Despite all the challenges, and due to the amazing team at MTG Hawke’s Bay, we still managed to achieve quite a lot during 2022.

Around mid-year we said a sad farewell to the hugely popular A Bloody Business: the history of five Hawke’s Bay freezing works and replaced it with another hit exhibition – Silver Shadows: the story of Marineland. This show has bought out many a story from our visitors of their memories of Marineland and even bought a few people to tears – it’s clear that, like the freezing works, Marineland has left its mark on the community.

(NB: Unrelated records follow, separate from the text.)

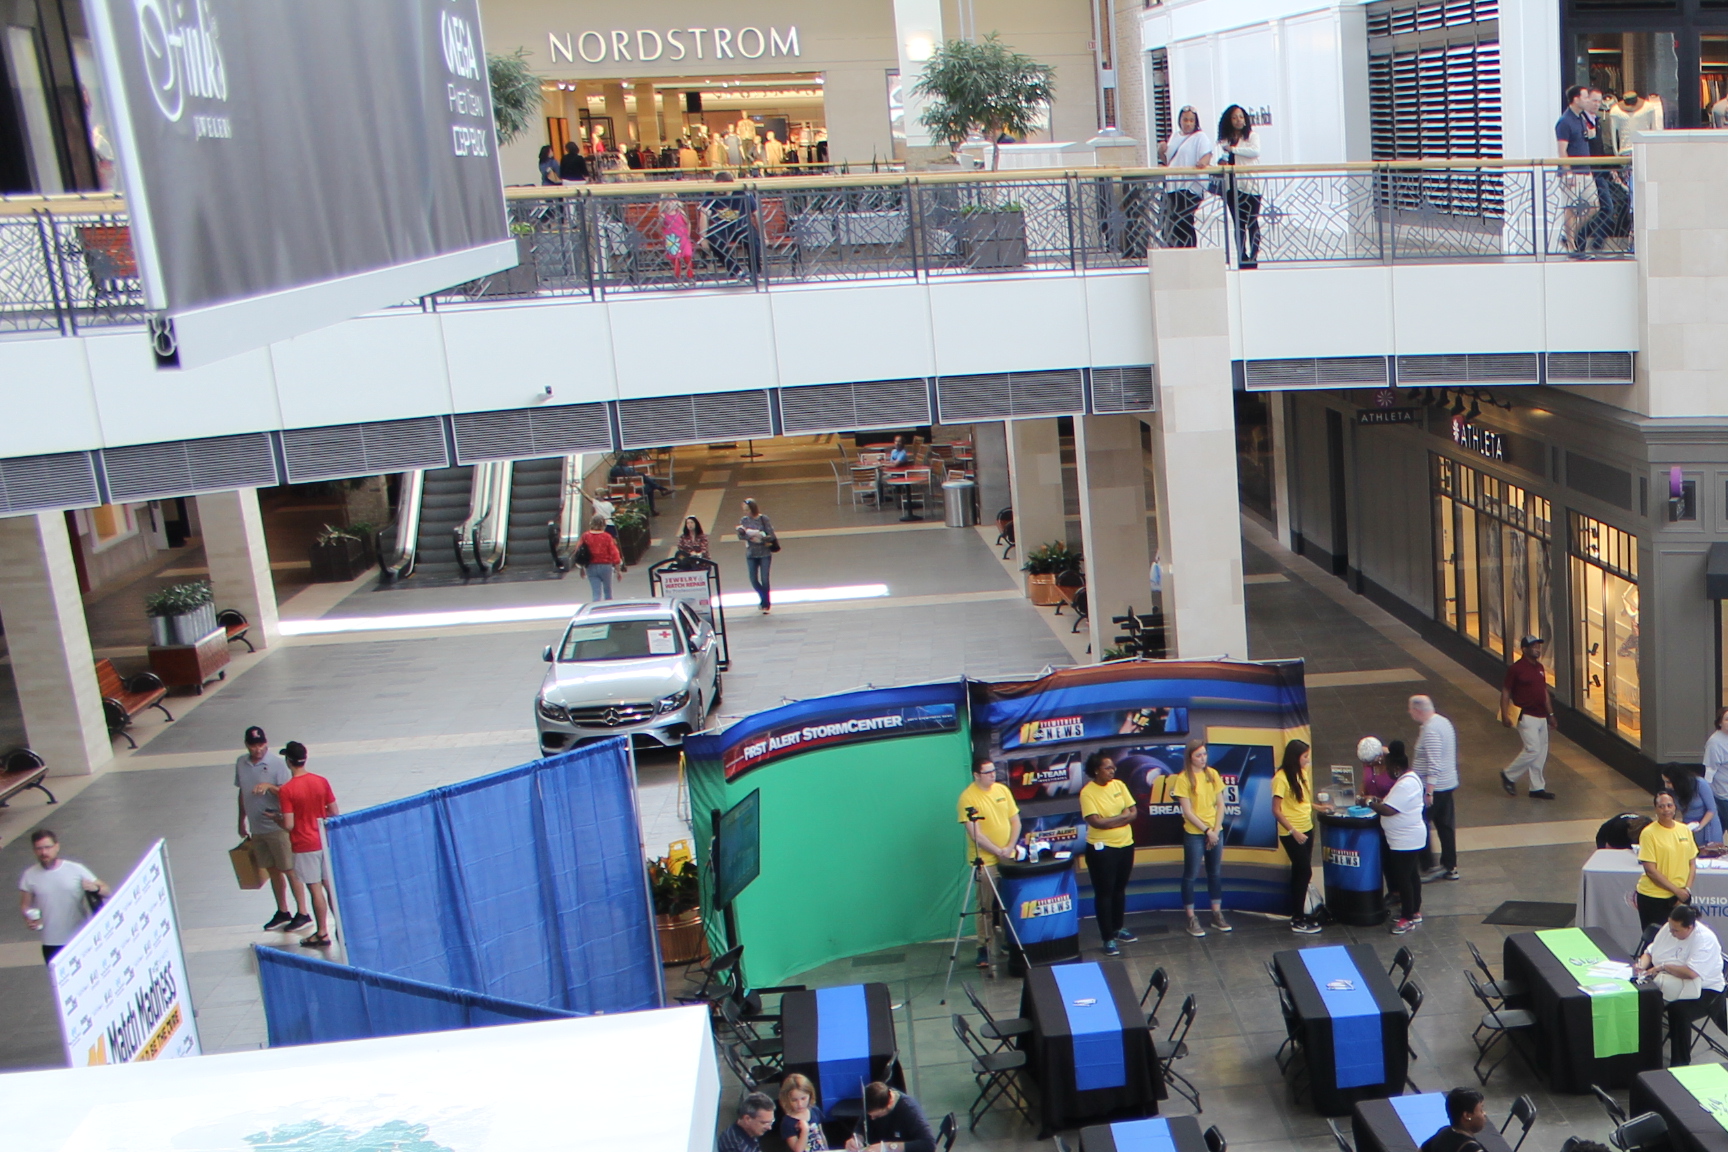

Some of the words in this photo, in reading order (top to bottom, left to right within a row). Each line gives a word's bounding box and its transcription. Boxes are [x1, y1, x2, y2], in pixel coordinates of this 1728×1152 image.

[548, 26, 800, 63] NORDSTROM
[1361, 411, 1412, 423] ATHLETA
[1461, 424, 1503, 461] ATHLETA
[665, 576, 697, 584] JEWELRY
[1040, 717, 1082, 729] EYEWITNESS
[743, 741, 768, 761] FIRST
[768, 732, 802, 752] ALERT
[801, 715, 903, 741] STORMCENTER
[1046, 725, 1082, 740] NEWS
[1036, 769, 1068, 780] I-TEAM
[1149, 804, 1183, 816] BREA
[1334, 856, 1359, 867] NEWS
[1043, 901, 1071, 916] NEWS
[108, 1001, 141, 1065] Match
[135, 961, 178, 1041] Madness

We’ve had a number of art shows over the year including; Nature/Culture which examined our relationship with nature, Te ahua,te wa, te atea by Russ Flat which reimagined, using digital tools, what the landscape looked like before colonisation occurred, and artist Atareta Black was inspired by the MTG collection, exploring traditional weaving techniques and using these to create contemporary artworks in Ki Uta, Ki Tai.

Other exhibitions over the year were Bizarre by Clarice Cliff, looking at the art deco style of this particular design, Operation Grapple which shares the harrowing and hard to believe story of our veterans exposure to nuclear testing in the Pacific, and Bruce Connew: A Vocabulary utilising headstones to expose the history of colonial wars in Aotearoa.

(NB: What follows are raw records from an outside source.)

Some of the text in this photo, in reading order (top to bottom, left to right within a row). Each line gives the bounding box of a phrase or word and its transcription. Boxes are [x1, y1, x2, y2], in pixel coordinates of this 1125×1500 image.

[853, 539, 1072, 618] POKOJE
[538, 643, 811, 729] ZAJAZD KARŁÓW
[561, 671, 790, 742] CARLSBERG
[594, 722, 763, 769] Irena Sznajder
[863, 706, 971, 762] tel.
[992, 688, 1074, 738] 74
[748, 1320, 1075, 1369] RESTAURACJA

Of course we offer much more than exhibitions, and so were pleased to renew our contract with the Ministry of Education this year. The Ministry supports us to continue delivering programmes for school groups and, with the new curriculum placing an emphasis on Aotearoa’s history, we’re more relevant than ever helping schools understand the history of this place and support their education focus particular to Te Matau-a-Māui.

We created a feedback wall to allow our visitors to easily and freely share their thoughts and ideas, the return of Nuit Blanche was a welcome event and we loved participating in the newest public holiday celebrating Matariki. Having the New Zealand International Film Festival at the Century Theatre is always a highlight of the year and 2022 was no exception.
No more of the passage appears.